Be sure to re-zero your refractometer in plain water with every use. Mine varies widely within plus or minus 0.4 Brix from zero with every use. The thing just does not hold calibration well at all.

Also, check calibration of the thermometer you use for mashing in both boiling and freezing water. If the mash temp is way off, this could affect attenuation somewhat.

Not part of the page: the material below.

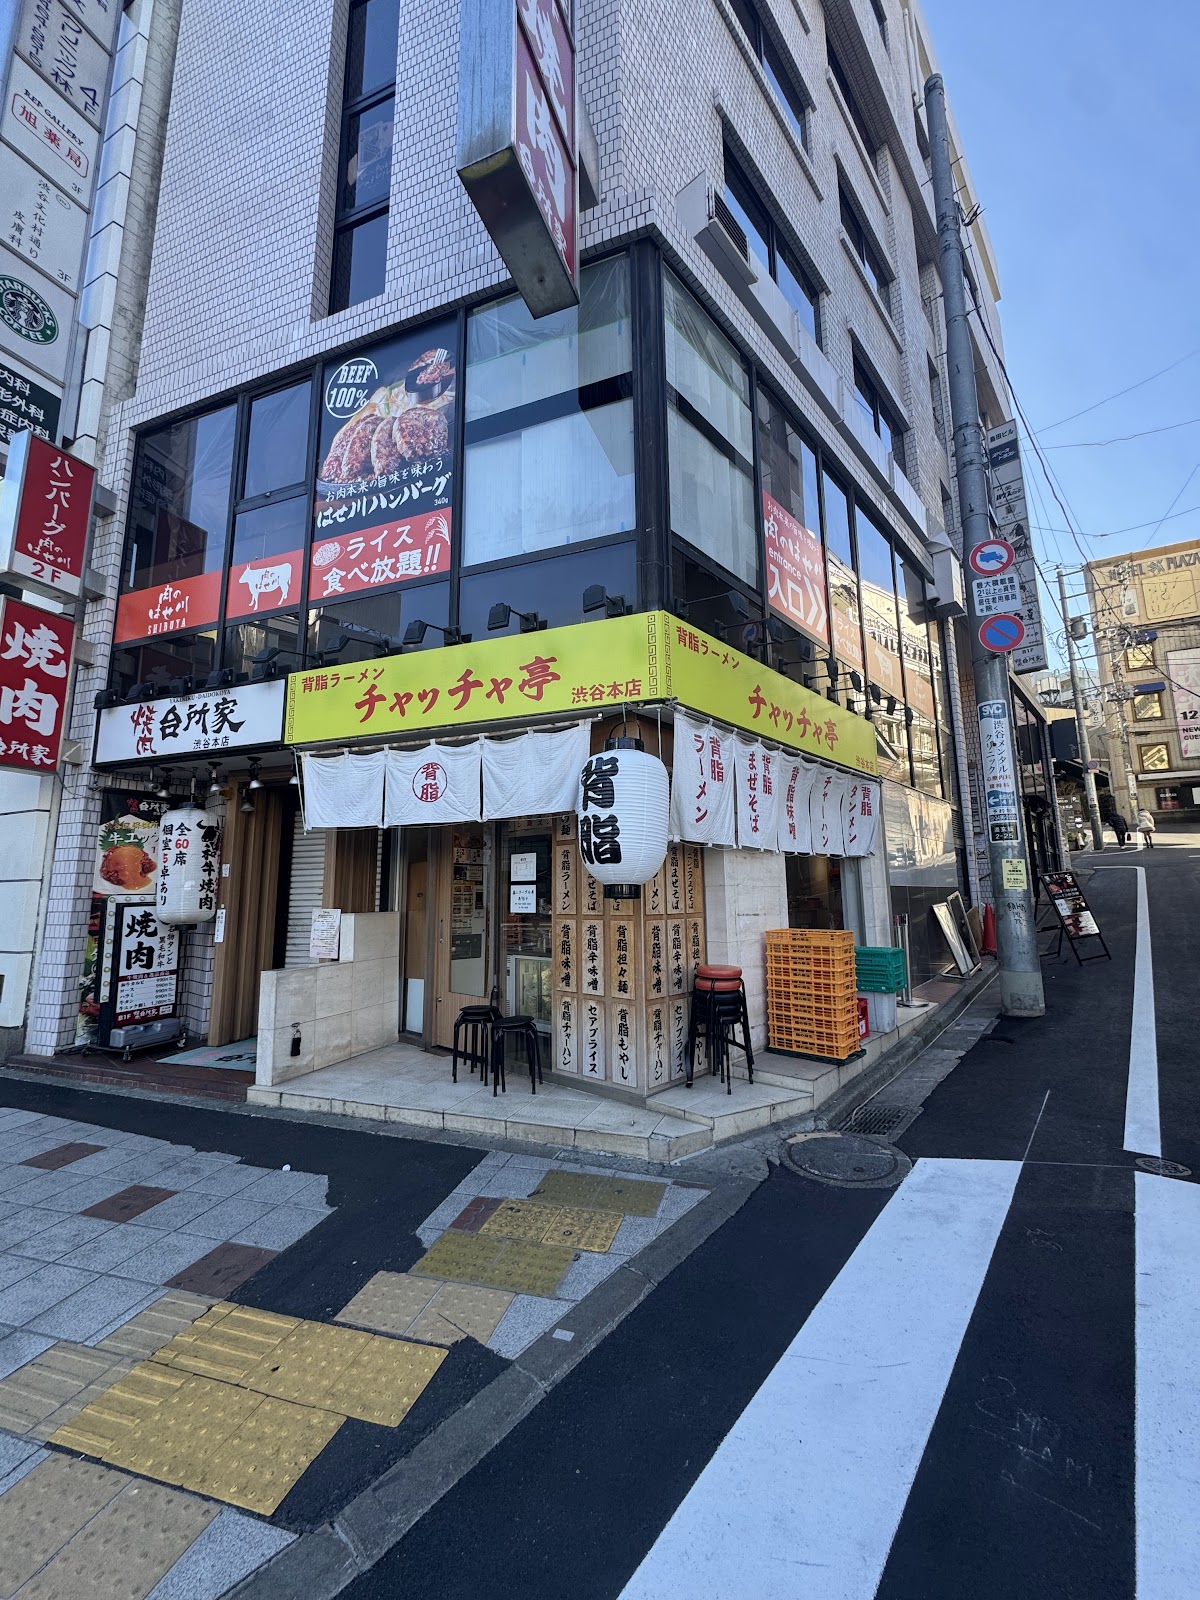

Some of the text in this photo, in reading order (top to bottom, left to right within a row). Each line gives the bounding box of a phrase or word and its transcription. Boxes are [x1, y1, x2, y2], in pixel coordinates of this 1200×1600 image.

Finally, which yeast strains have you used? Some yeasts don't attenuate well at all.

 

Well, nailing the Wort Correction Factor (WCF) for each and every batch would be like finding the Holy Grail. And to my knowledge, nobody has done it. There are four approaches I can think of. I'll list them in what I consider to be a (roughly) ascending order of chance for success.

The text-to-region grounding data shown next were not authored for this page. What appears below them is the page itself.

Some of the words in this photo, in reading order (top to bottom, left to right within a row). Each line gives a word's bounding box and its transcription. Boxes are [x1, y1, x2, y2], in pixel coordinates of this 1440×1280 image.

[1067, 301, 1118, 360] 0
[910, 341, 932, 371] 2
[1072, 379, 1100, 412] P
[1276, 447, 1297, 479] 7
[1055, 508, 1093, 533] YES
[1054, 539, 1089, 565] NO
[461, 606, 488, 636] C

- Use the calculator's default WCF. Typically (I think), the calculator's author provides some sort of default WCF that has, in the author's experience (or something he read on the internet), best matched his results across the recipes that the author tends to brew. Sean Terrill, for example, gathered a bunch of data to determine his default WCF. Then he gathered some more and tweaked his default.

- Use your own (user's) default WCF. Similar to the calculator's default WCF, but based on the user's "typical" experience. (I don't know if there are still any calculators that don't allow you to change the WCF, but if there are, I would avoid them.)

- Use a better estimated WCF, based on wort characteristics. If you could know the precise makeup of the wort, this would be the Holy Grail I mentioned. However, nobody ever knows the precise makeup of their wort (or for that matter developed a calculator to use it). Given this conundrum, for BrewCipher I made a formula that uses expected wort attenuability as a proxy for proportions of simple sugars/complex sugars/dextrins. It avoids having to know the precise makeup of the wort, and provides a recommended WCF that seems to work pretty well in general, at least for my batches and from what some users have told me. (Nobody has told me they suck, so there's that.) Of course, the recommended WCF can be overridden by the user. Which brings us to...

- Determine the actual WCF for each batch, by measuring OG with both a refractometer and a hydrometer. This would seem to defeat the purpose of having a refractometer, but it can be useful for two reasons. 1) Data gathering. 2) If you do this with OG (where a sanitary sample can be returned to the main wort) to determine the actual WCF, then you can use just a corrected refractometer reading (a drop vs several ounces) for FG. This approach is quite convenient in some setups, including mine. After taking refractometer and hydrometer readings of the OG, you can pop the refractometer reading into the calculator, then tweak the WCF until the resulting OG gravity matches what the hydrometer said. Now you have a WCF tailored for that batch, and the FG refractometer reading can later be used without another hydrometer reading (and wasteful sample).